We’ve worked with multiple ESG focused businesses in the last two years, including Europe’s largest food-tech VC, a pioneering sustainability traceability startup and one of the world’s most famous sustainability-focused brands. What we’ve learned from these businesses and their competitors is that the most common barriers to efficient scale, sales and funding for businesses operating in this “hot market” are of a marketing nature:  1) they’re not listening to their buyers enough and 2) they don’t know how to differentiate their product from the competition.

The reason for this is that many emerging sustainability businesses tend to have a somewhat myopic vision of the market. They have a predominantly inward focus and an obsession with their own technology and its novelty, rather than how their innovations solve distinct and immediate problem for the buyer. And if they do, they don’t always know how to articulate it in a way that provides credibility that they can solve the problem best.

As a result, these businesses often find themselves outshone by “more exciting” competitors who, despite offering inferior products, capture the market’s attention – just because they’re better at marketing.

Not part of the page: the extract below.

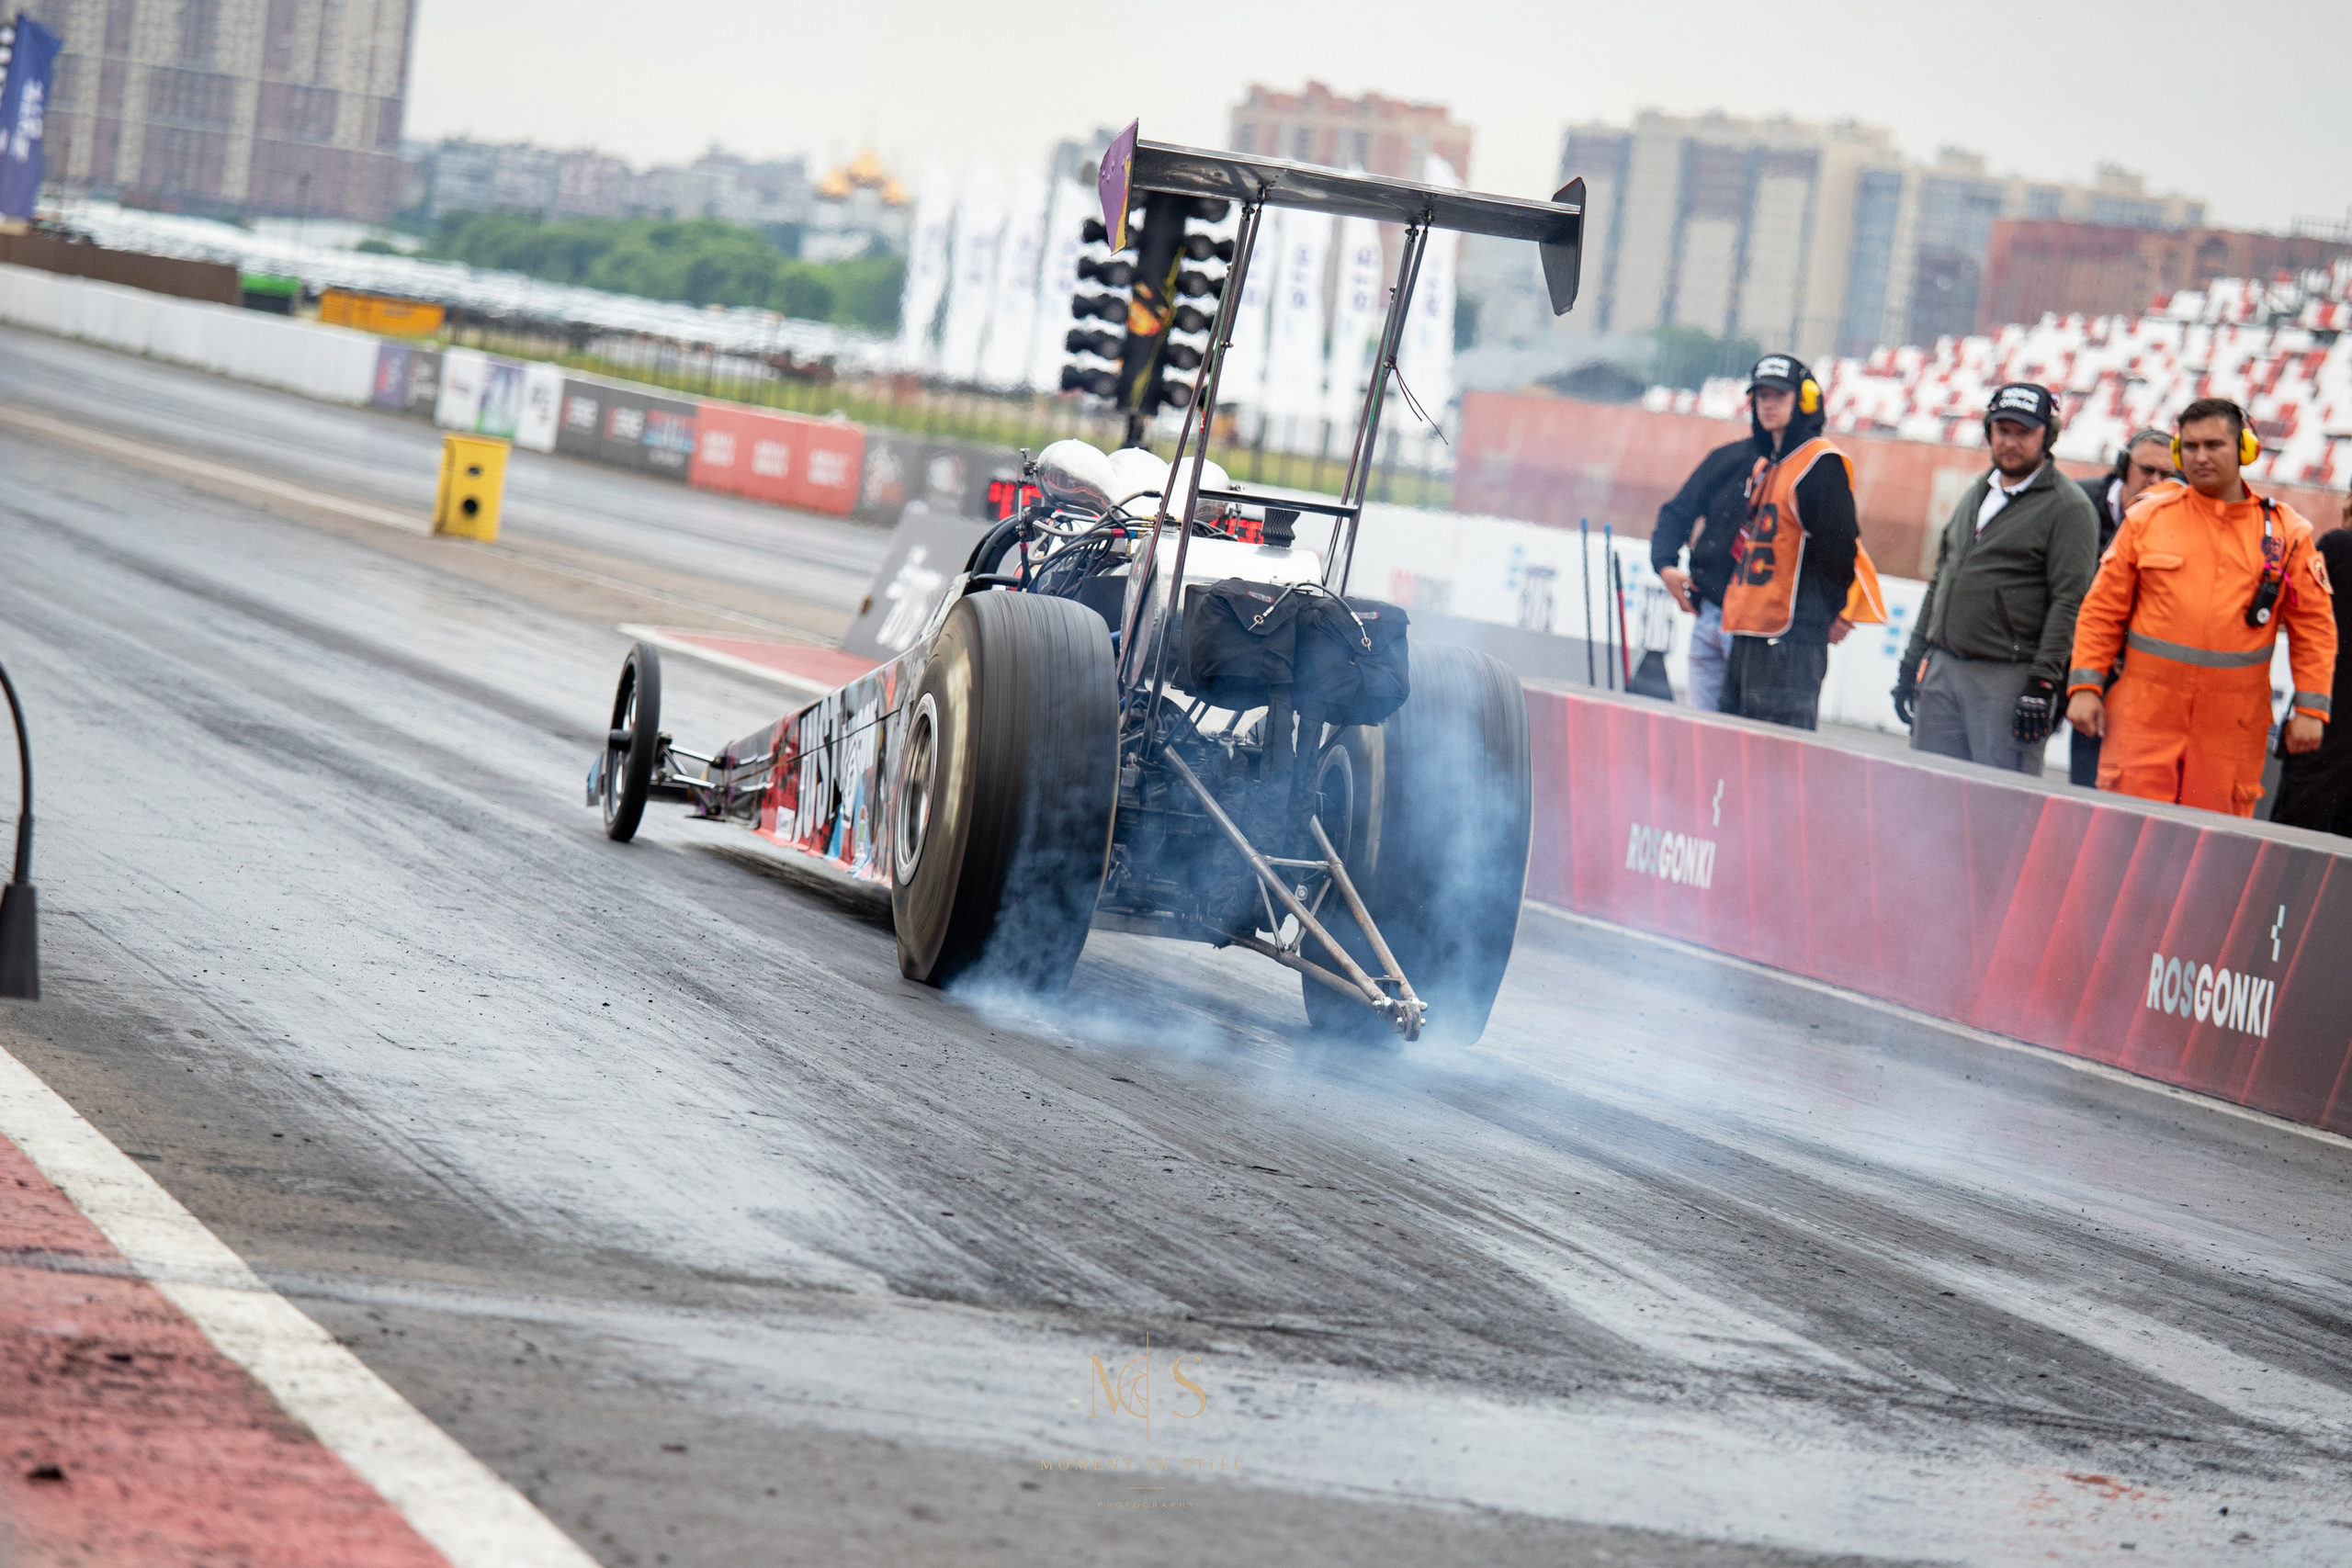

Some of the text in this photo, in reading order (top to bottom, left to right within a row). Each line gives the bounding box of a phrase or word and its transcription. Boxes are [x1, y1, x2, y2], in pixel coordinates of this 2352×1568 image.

[793, 689, 842, 844] JUST
[1625, 822, 1716, 889] ROSGONKI
[2145, 952, 2276, 1040] ROSGONKI

This frustration is made worse by the new products coming to markets everyday, led by marketing savvy people with less technical understanding but more compelling messaging.

We suggest sustainability businesses who have identified a lack of performance of their marketing efforts take a three-pronged approach:

Go deep on the immediate buyer’s problem

Most technically advanced products have been created with engineering insights. Buyer insights tend to be lacking. Developing true buyer empathy is harder for technical founders who struggle to put themselves in the shoes of non-experts. Map the ‘buying cohort’ – the group responsible for procurement decisions, and understand the customer’s personal challenges in the sale. Map the blockers to a sale: the travails the customer will have to navigate in order to get the purchase though. Then answer each of their challenges through the buying journey. Competition will be internal as well as external, so make the customer the hero and they can sponsor your product past the many obstacles to purchase you will face together.

Create your competitive ‘Unfair Advantage’

By intensely listening to market needs, sustainability businesses can unearth unique insights that can form the basis of a competitive ‘Unfair Advantage’ – how you can truly articulate your differentiator to out manoeuvre competition. The ‘Unfair Advantage’ marketing system is composed of a distinctive positioning and marketing strategy (shaped from the macro and micro insights gathered in step 1), and a subsequent ‘Growth Machine’ focused on implementing the strategy and delivering leads. This approach can help sustainability businesses shift away from complex or generic value propositions to tailored messages that resonate deeply with their audience’s needs and aspirations. For instance, we listened to the needs of investors and helped shift the VC fund Blue Horizon from a positioning of funding alternative proteins, to a positioning of building a sustainable food supply chain for alternative proteins. As a result, new funding avenues and backers emerged.

Craft a Provocative Narrative

The third step will be to develop a compelling, provocative narrative to make the challenge your technology solves come to life in a way that makes people pay attention.

Remember, the heart of your business isn’t just your product or technology – it’s the people you’re solving problems for. So, paint a simple vision of a future where your technology – no matter how niche or complex – plays a crucial role in creating an overall more sustainable, efficient, and equitable world. For example, our client TrusTrace is a data platform for compliance and traceability in the fashion industry.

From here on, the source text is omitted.